Upgrade the Google Antigravity package
Refresh the repository metadata and ask APT to upgrade only this package.
sudo apt update && sudo apt install --only-upgrade antigravity -y
If you are already current, APT reports that directly.
antigravity is already the newest version (1.20.5-1772853402). Summary: Upgrading: 0, Installing: 0, Removing: 0, Not Upgrading: 111
Verify the Google Antigravity package version
Check the installed package version after the upgrade command finishes.
dpkg-query -W antigravity
Expected output:
antigravity 1.20.5-1772853402
Remove Google Antigravity on Ubuntu
Purge the Google Antigravity package
Use a purge if you want the package and its system-level configuration removed cleanly. User data in your home directory is handled separately in the last step.
sudo apt purge -y antigravity
Follow that with an autoremove pass for any no-longer-needed dependencies.
sudo apt autoremove -y
Verify that the package itself is gone.
dpkg-query -W antigravity 2>/dev/null || echo "Package is not installed"
Expected output:
Package is not installed
Remove the Google Antigravity repository
Delete the repository definition so APT stops checking Google’s package feed.
sudo rm -f /etc/apt/sources.list.d/google-antigravity.sources
Remove the matching keyring file as well.
sudo rm -f /usr/share/keyrings/google-antigravity.gpg
Refresh APT after the repository cleanup.
sudo apt update
If the repository is gone, apt-cache policy antigravity returns nothing, so this wrapper prints a clear success message instead of leaving you with a blank terminal line.
if apt-cache policy antigravity | grep -q .; then
apt-cache policy antigravity
else
echo "APT no longer sees the antigravity package."
fi
Expected output:
APT no longer sees the antigravity package.
Remove Google Antigravity user data
This permanently deletes your Google Antigravity settings, extensions, and workspace state. If you want a backup first, copy the directory with
cp -r ~/.antigravity ~/antigravity-backup.
On Ubuntu 26.04, 24.04, and 22.04, this install path stores its user data under ~/.antigravity with an extensions subdirectory inside it, so that is the path to remove for a clean reset.
rm -rf ~/.antigravity
Confirm that the user-data directory is gone.
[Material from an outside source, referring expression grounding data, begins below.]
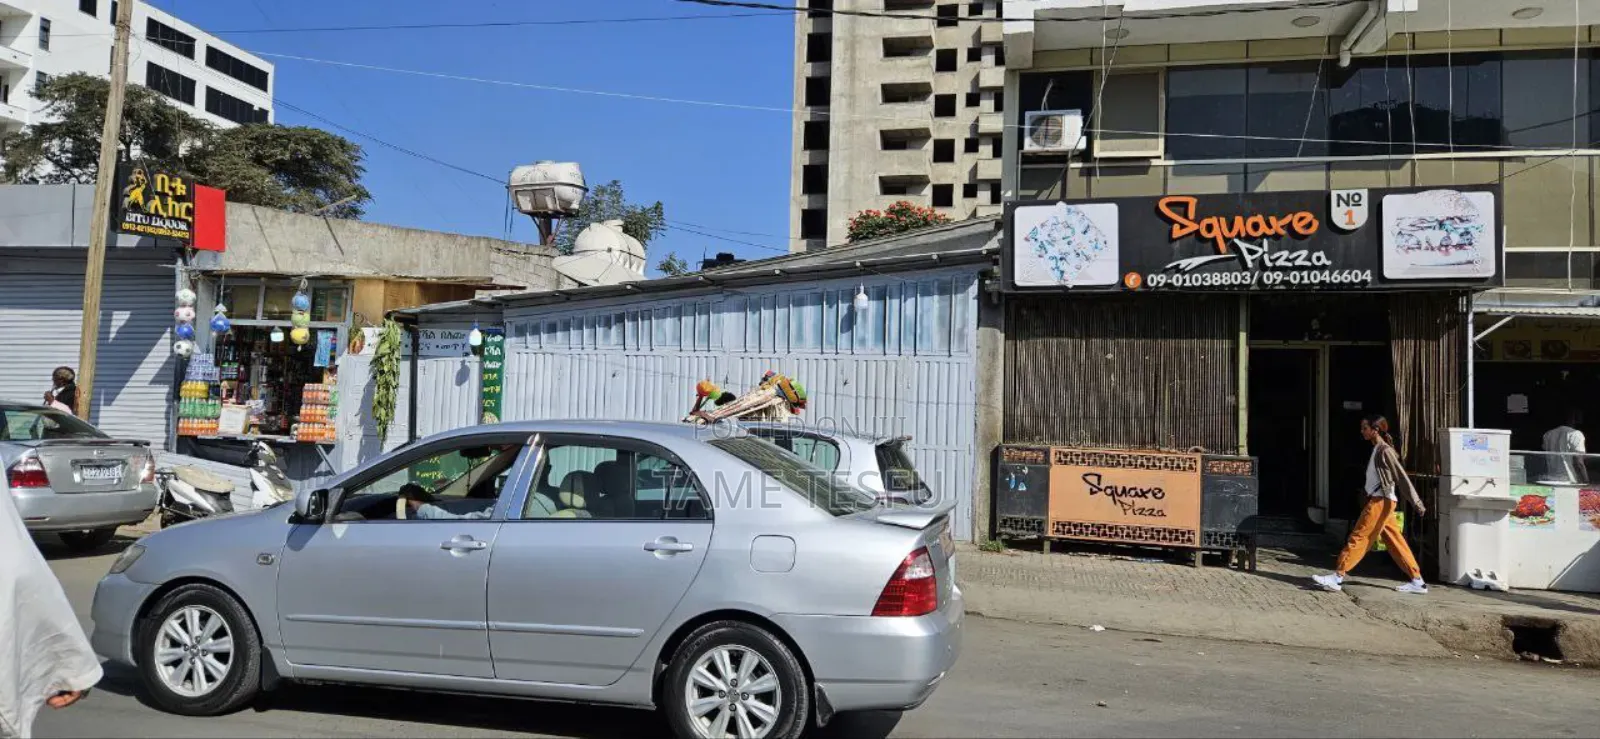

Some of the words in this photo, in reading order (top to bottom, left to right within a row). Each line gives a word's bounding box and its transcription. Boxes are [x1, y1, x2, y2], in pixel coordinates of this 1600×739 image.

[126, 212, 149, 224] BITU
[153, 217, 188, 229] LIQUOR
[1158, 195, 1319, 254] Square
[1344, 209, 1356, 226] 1
[1233, 238, 1331, 268] Pizza
[1263, 269, 1372, 286] 09-01046604
[1081, 473, 1165, 505] Square
[1118, 499, 1167, 517] Pizza
ls -d ~/.antigravity 2>/dev/null || echo "~/.antigravity removed"
Expected output:
~/.antigravity removed
Google Antigravity on Ubuntu FAQ
No. Google’s Linux download page offers a .tar.gz archive, not a native .deb package. If you want Google Antigravity to install, upgrade, and purge cleanly on Ubuntu 26.04, 24.04, and 22.04, the official APT repository is the better fit.
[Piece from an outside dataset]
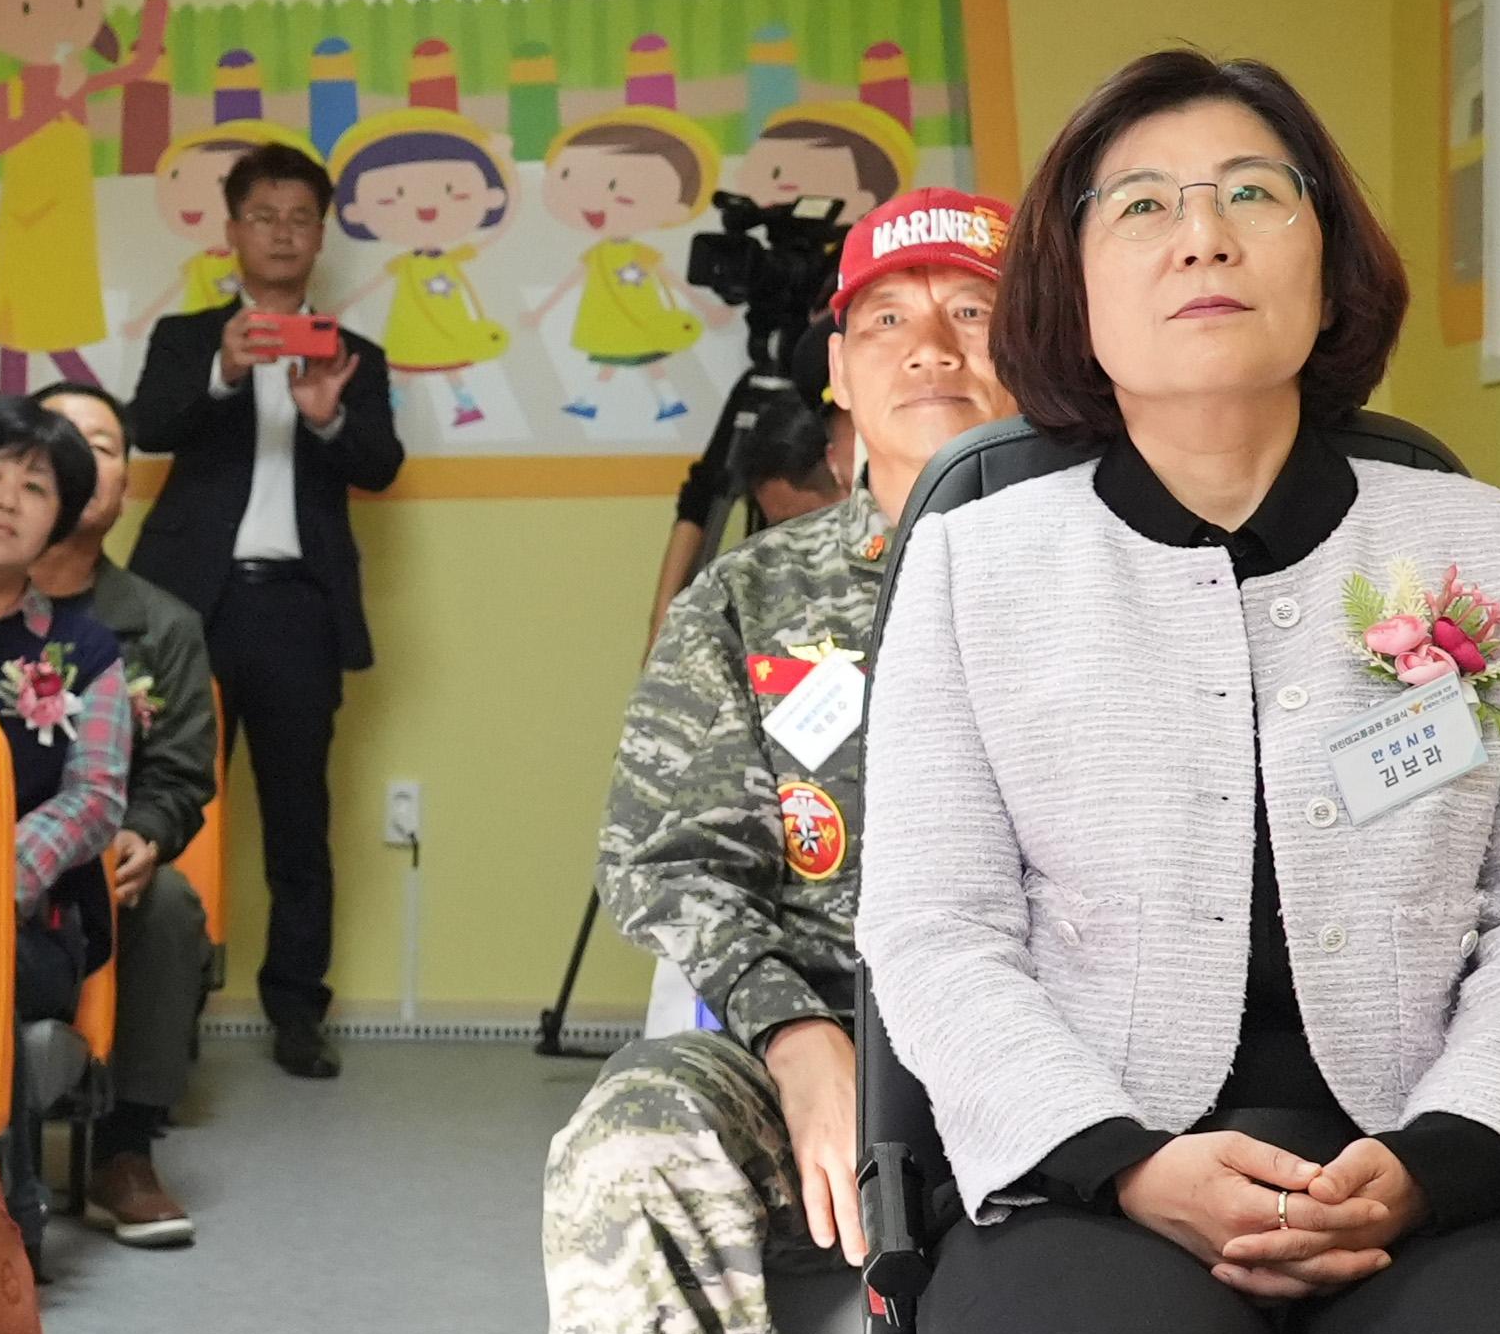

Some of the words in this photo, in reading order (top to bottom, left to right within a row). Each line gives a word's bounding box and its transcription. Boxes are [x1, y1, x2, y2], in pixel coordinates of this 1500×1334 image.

[872, 208, 991, 259] MARINES
[1371, 723, 1437, 765] 안성시장
[1379, 744, 1443, 788] 김보라
Ubuntu shows that error when the Google Antigravity repository is missing, the signing key was not added, or sudo apt update was skipped after creating the source file. The quickest check is apt-cache policy antigravity. If the repository is configured correctly, you should see the antigravity-debian source and a candidate package version.
For the repository install, run sudo apt update followed by sudo apt install --only-upgrade antigravity. That workflow is the same on Ubuntu 26.04, 24.04, and 22.04.
Google’s download page lists glibc >= 2.28 and glibcxx >= 3.4.25 as the Linux baseline. Ubuntu 26.04, 24.04, and 22.04 all exceed that requirement.
Google Antigravity on Ubuntu Conclusion
Google Antigravity is installed on Ubuntu 26.04, 24.04, and 22.04 and ready for editor work or longer agent-driven tasks. If you want a baseline editor to compare against, install Visual Studio Code on Ubuntu, and if this machine still needs source control, install Git on Ubuntu.